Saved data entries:
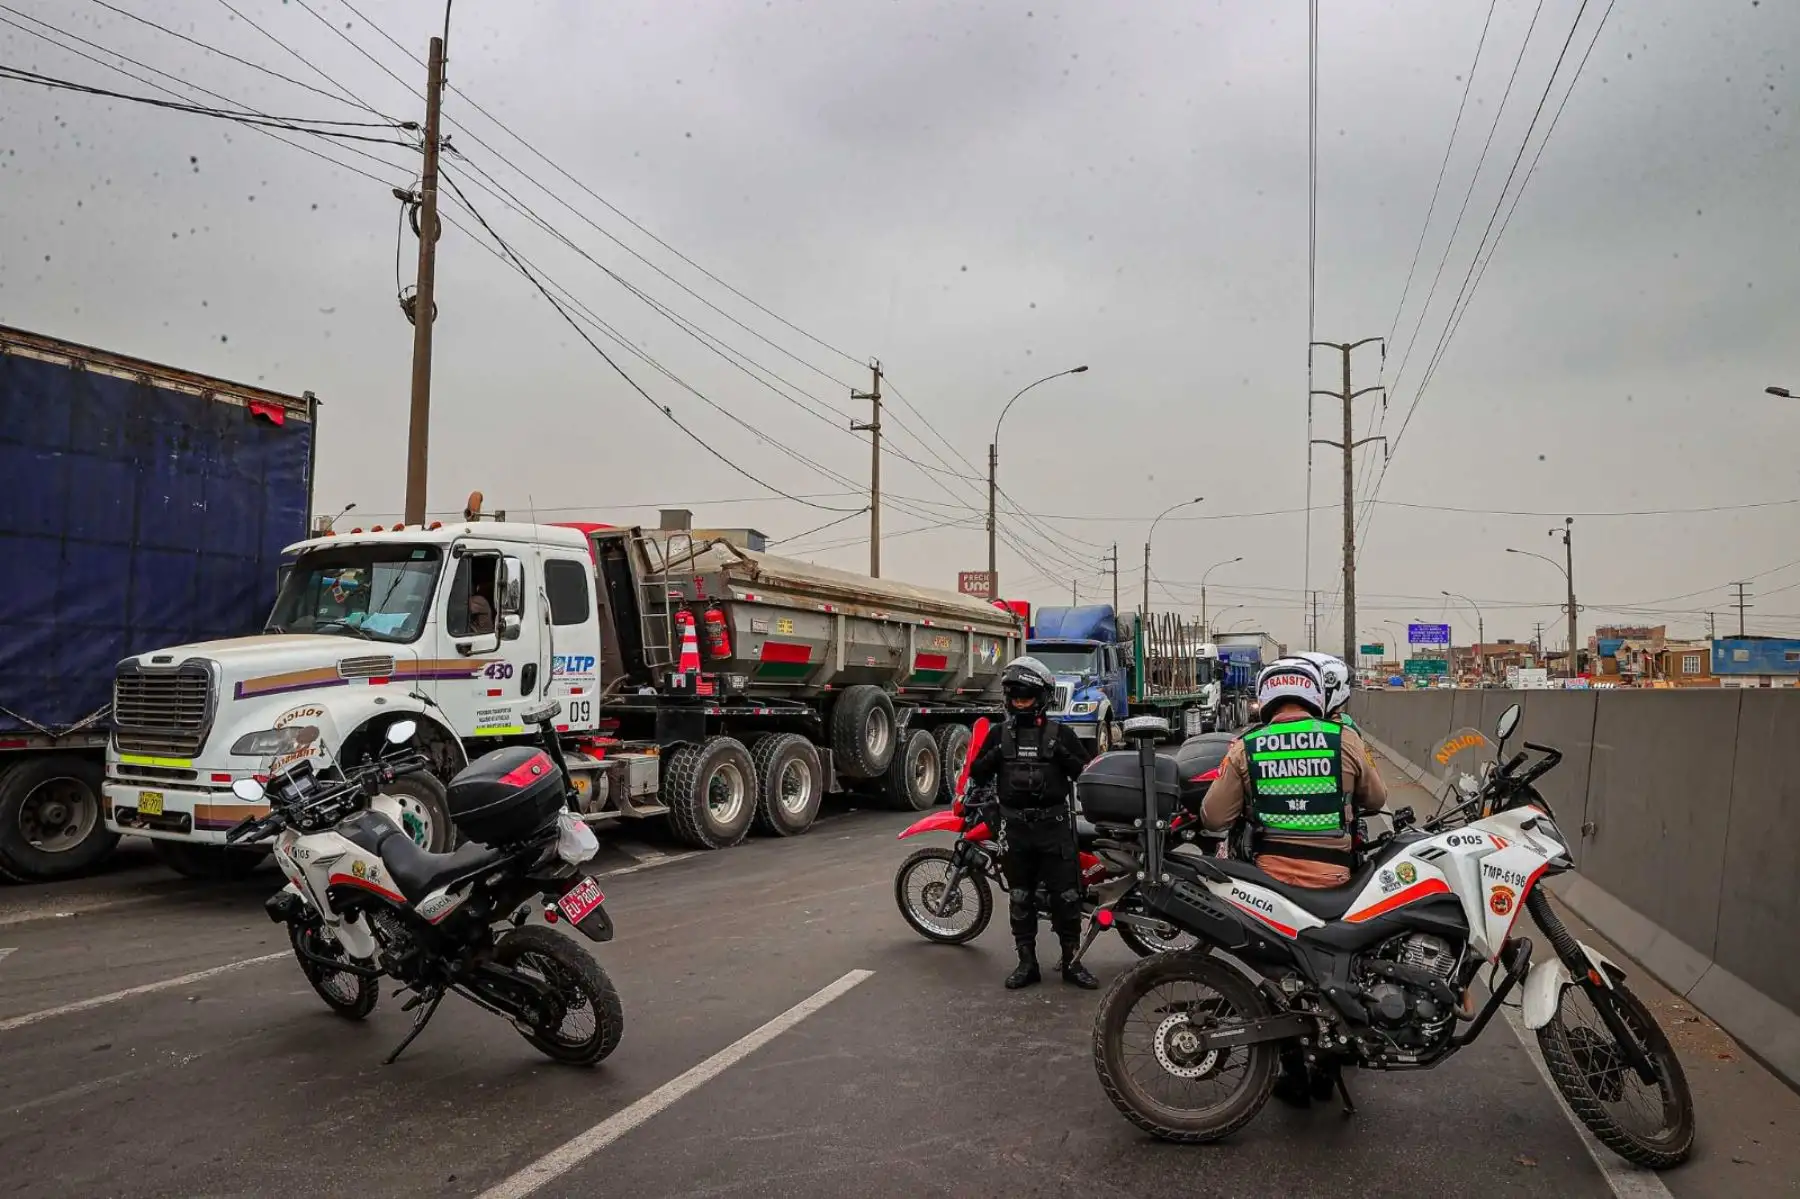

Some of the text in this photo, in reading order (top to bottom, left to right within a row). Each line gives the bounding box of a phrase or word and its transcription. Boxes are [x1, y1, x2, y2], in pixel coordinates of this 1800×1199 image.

[484, 663, 513, 679] 430
[566, 656, 595, 672] LTP
[1263, 676, 1311, 690] TRANSITO
[569, 700, 590, 722] 09
[1256, 732, 1328, 752] POLICIA
[1258, 758, 1331, 778] TRANSITO
[1461, 835, 1483, 845] 105
[1483, 864, 1526, 887] TMP-6196
[565, 884, 600, 918] EU-7800
[1231, 887, 1274, 913] POLICÍA

#### Task objective:
Print the data above in full and exactly as it appears, skipping the pictures.

#### Exercise response:
Some of the text in this photo, in reading order (top to bottom, left to right within a row). Each line gives the bounding box of a phrase or word and its transcription. Boxes are [x1, y1, x2, y2], in pixel coordinates of this 1800×1199 image.

[484, 663, 513, 679] 430
[566, 656, 595, 672] LTP
[1263, 676, 1311, 690] TRANSITO
[569, 700, 590, 722] 09
[1256, 732, 1328, 752] POLICIA
[1258, 758, 1331, 778] TRANSITO
[1461, 835, 1483, 845] 105
[1483, 864, 1526, 887] TMP-6196
[565, 884, 600, 918] EU-7800
[1231, 887, 1274, 913] POLICÍA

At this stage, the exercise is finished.